Task input START

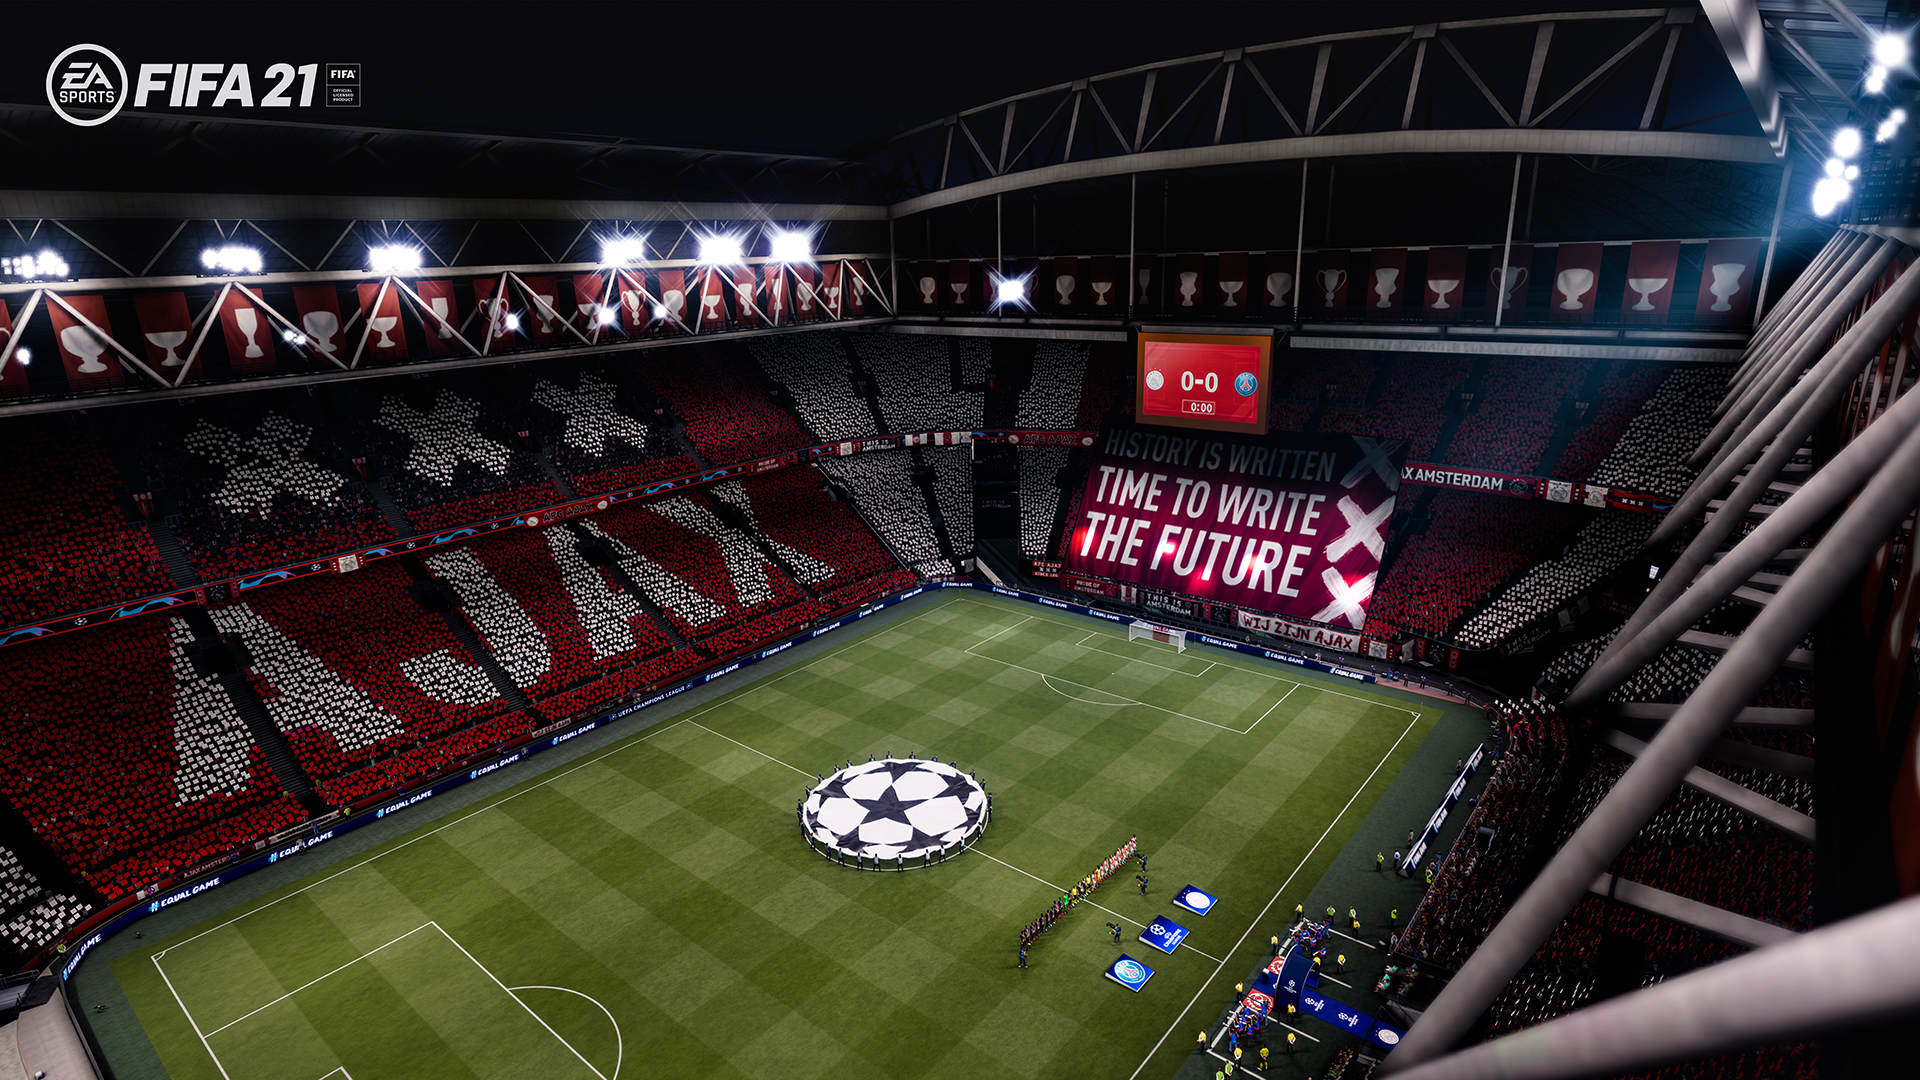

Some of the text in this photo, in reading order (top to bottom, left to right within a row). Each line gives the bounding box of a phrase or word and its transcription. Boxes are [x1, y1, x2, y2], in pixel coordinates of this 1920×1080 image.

[1181, 371, 1218, 393] 0-0
[1191, 402, 1212, 413] 0:00
[1023, 435, 1078, 445] AFC AJAX
[1104, 428, 1337, 482] HISTORY IS WRITTEN
[1414, 468, 1504, 491] AMSTERDAM
[1096, 465, 1326, 536] TIME TO WRITE
[542, 503, 594, 523] AFC AJAX
[1080, 510, 1312, 598] THE FUTURE
[1146, 601, 1191, 615] AMSTERDAM
[1147, 593, 1169, 603] THIS
[1243, 615, 1354, 650] WIJ ZIJN AJAX
[618, 707, 633, 718] UEFA
[633, 694, 665, 711] CHAMPIONS
[665, 685, 685, 698] LEAGUE
[500, 753, 520, 767] GAME
[410, 789, 433, 804] GAME
[308, 830, 334, 846] GAME
[192, 877, 220, 895] GAME
[81, 933, 102, 955] GAME
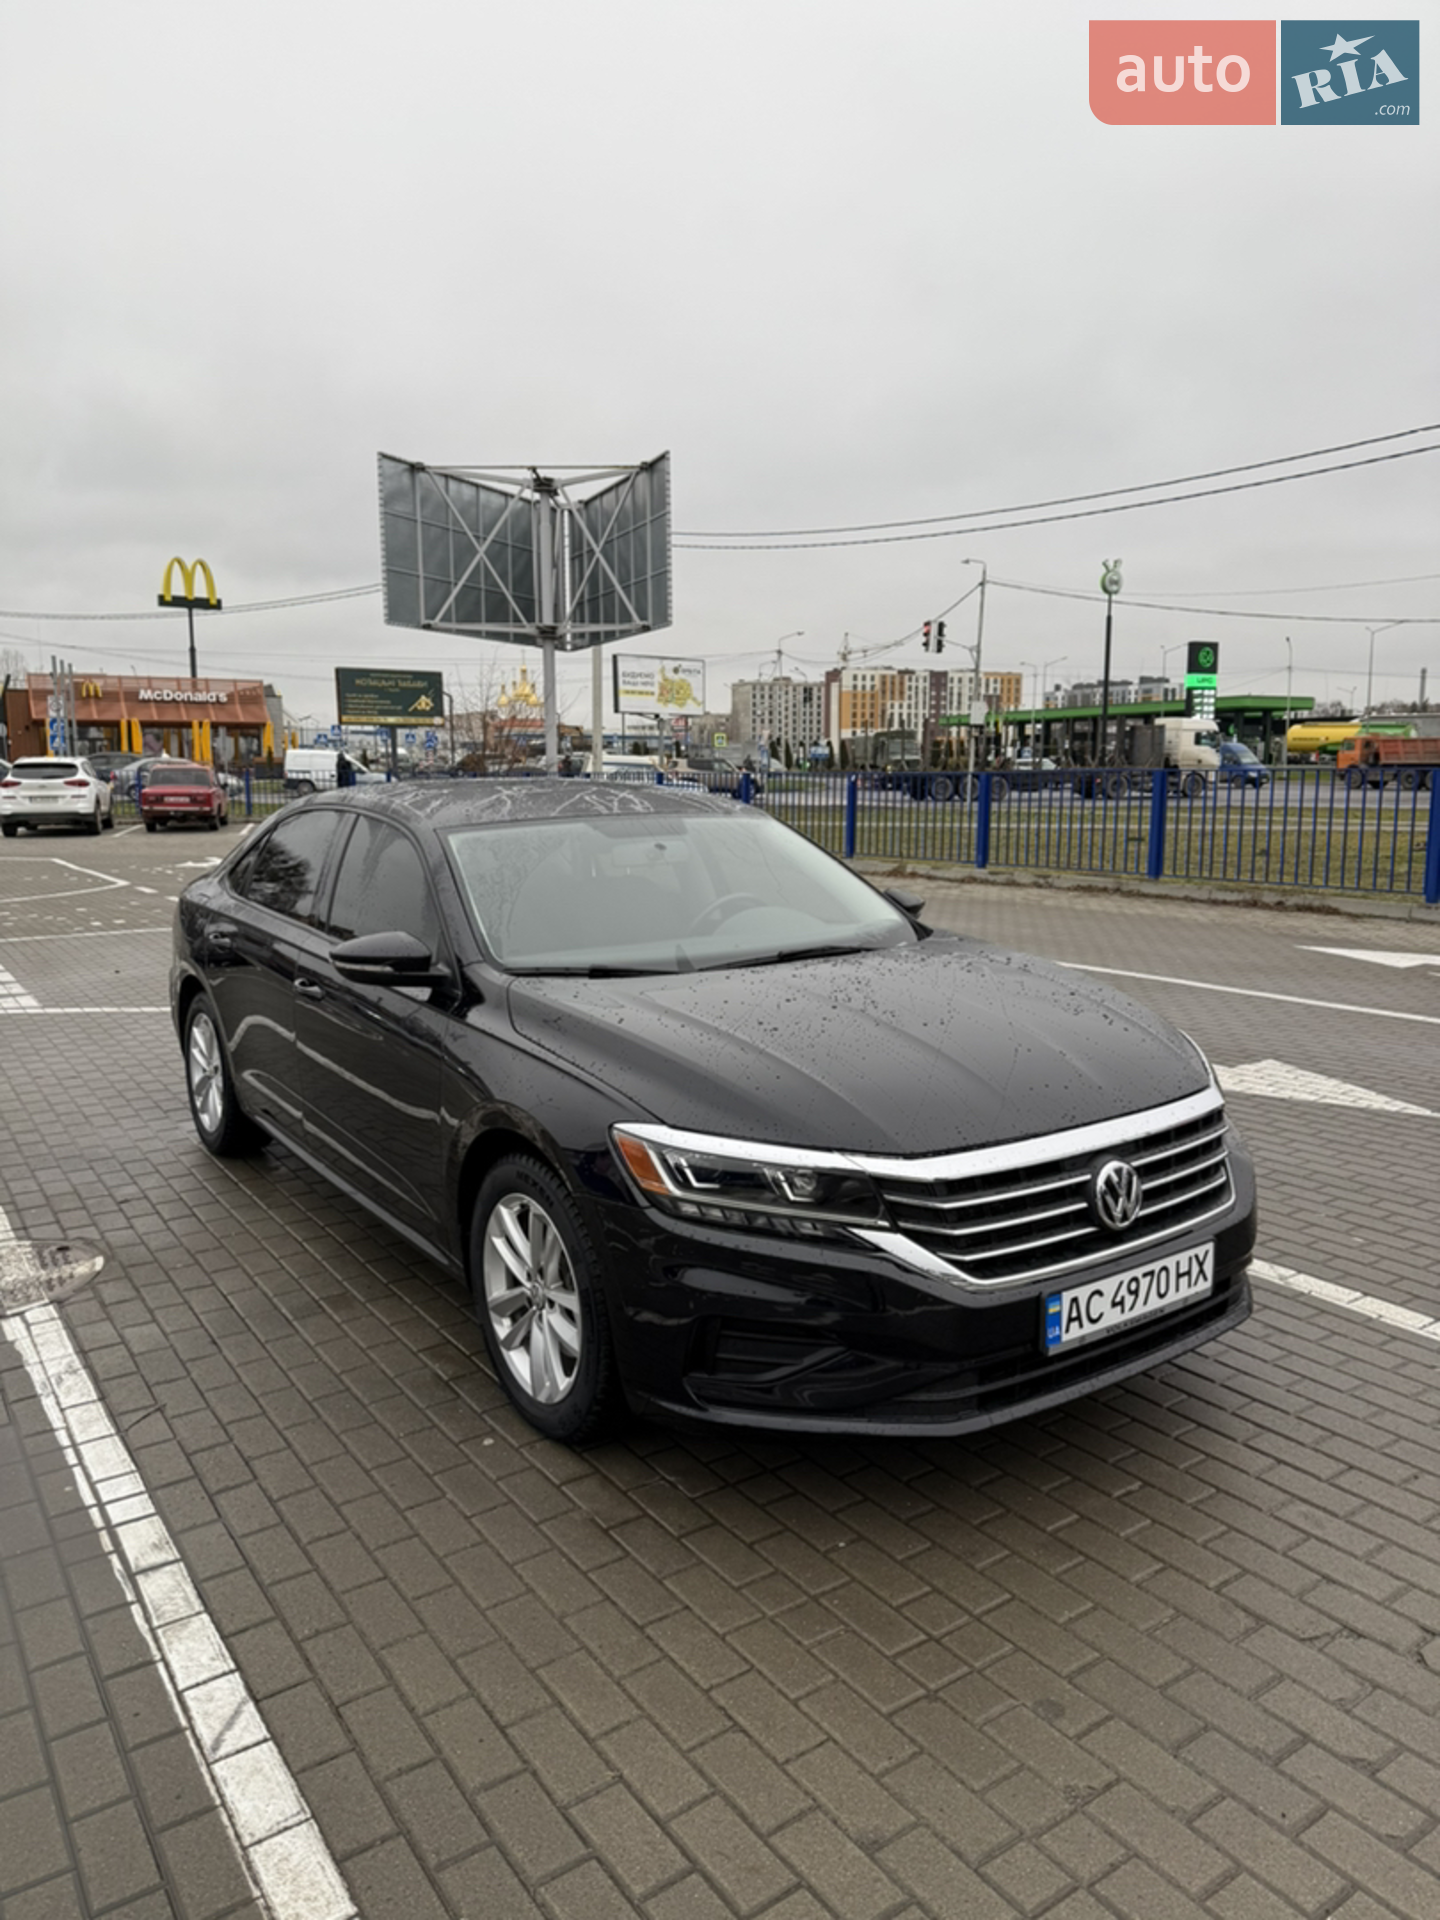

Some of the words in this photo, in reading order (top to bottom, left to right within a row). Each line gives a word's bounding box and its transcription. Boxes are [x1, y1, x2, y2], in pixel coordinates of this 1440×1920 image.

[138, 688, 228, 703] McDonald's
[1065, 1289, 1104, 1334] AC
[1111, 1265, 1170, 1314] 4970
[1175, 1250, 1209, 1293] HX
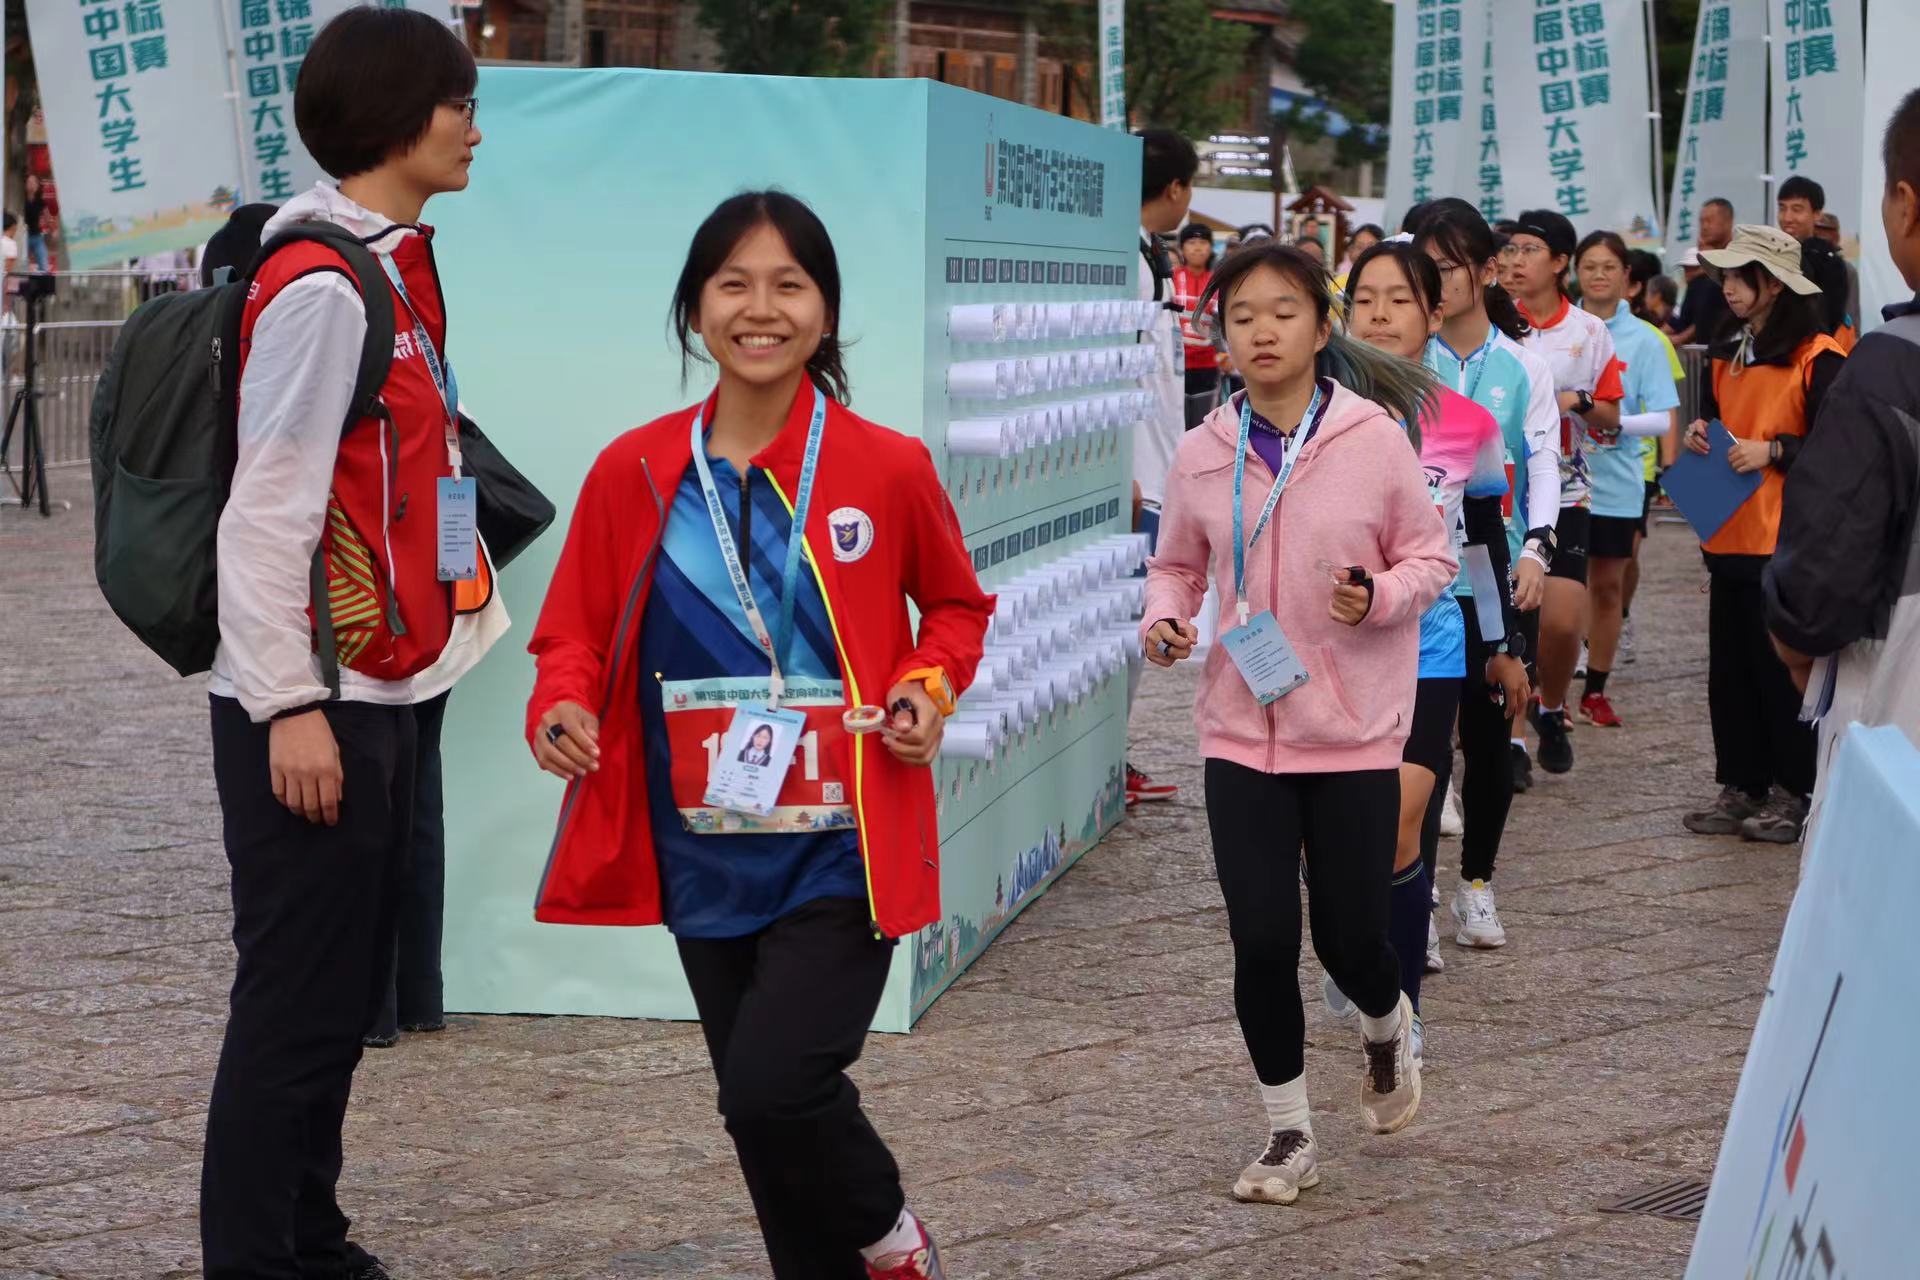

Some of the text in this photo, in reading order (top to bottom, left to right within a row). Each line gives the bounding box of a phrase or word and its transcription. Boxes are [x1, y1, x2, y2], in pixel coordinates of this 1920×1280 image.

[124, 0, 169, 73] 标赛
[1437, 0, 1464, 121] 向锦标赛
[1568, 0, 1610, 108] 锦标赛
[79, 0, 147, 192] 中国大学生
[1533, 0, 1590, 216] 届中国大学生
[702, 730, 820, 782] 11

Task input END

> _Aim of the task_: Could each line of the data be written out exactly, with no pictures included?

> _Answer box_:
Some of the text in this photo, in reading order (top to bottom, left to right within a row). Each line gives the bounding box of a phrase or word and its transcription. Boxes are [x1, y1, x2, y2], in pixel coordinates of this 1920×1080 image.

[1181, 371, 1218, 393] 0-0
[1191, 402, 1212, 413] 0:00
[1023, 435, 1078, 445] AFC AJAX
[1104, 428, 1337, 482] HISTORY IS WRITTEN
[1414, 468, 1504, 491] AMSTERDAM
[1096, 465, 1326, 536] TIME TO WRITE
[542, 503, 594, 523] AFC AJAX
[1080, 510, 1312, 598] THE FUTURE
[1146, 601, 1191, 615] AMSTERDAM
[1147, 593, 1169, 603] THIS
[1243, 615, 1354, 650] WIJ ZIJN AJAX
[618, 707, 633, 718] UEFA
[633, 694, 665, 711] CHAMPIONS
[665, 685, 685, 698] LEAGUE
[500, 753, 520, 767] GAME
[410, 789, 433, 804] GAME
[308, 830, 334, 846] GAME
[192, 877, 220, 895] GAME
[81, 933, 102, 955] GAME

Some of the words in this photo, in reading order (top to bottom, left to right within a row). Each line gives a word's bounding box and its transcription. Boxes are [x1, y1, x2, y2], in pixel coordinates of this 1440×1920 image.

[138, 688, 228, 703] McDonald's
[1065, 1289, 1104, 1334] AC
[1111, 1265, 1170, 1314] 4970
[1175, 1250, 1209, 1293] HX

Some of the text in this photo, in reading order (top to bottom, left to right within a row). Each line gives the bounding box of a phrase or word and its transcription. Boxes are [x1, y1, x2, y2], in pixel coordinates of this 1920×1280 image.

[124, 0, 169, 73] 标赛
[1437, 0, 1464, 121] 向锦标赛
[1568, 0, 1610, 108] 锦标赛
[79, 0, 147, 192] 中国大学生
[1533, 0, 1590, 216] 届中国大学生
[702, 730, 820, 782] 11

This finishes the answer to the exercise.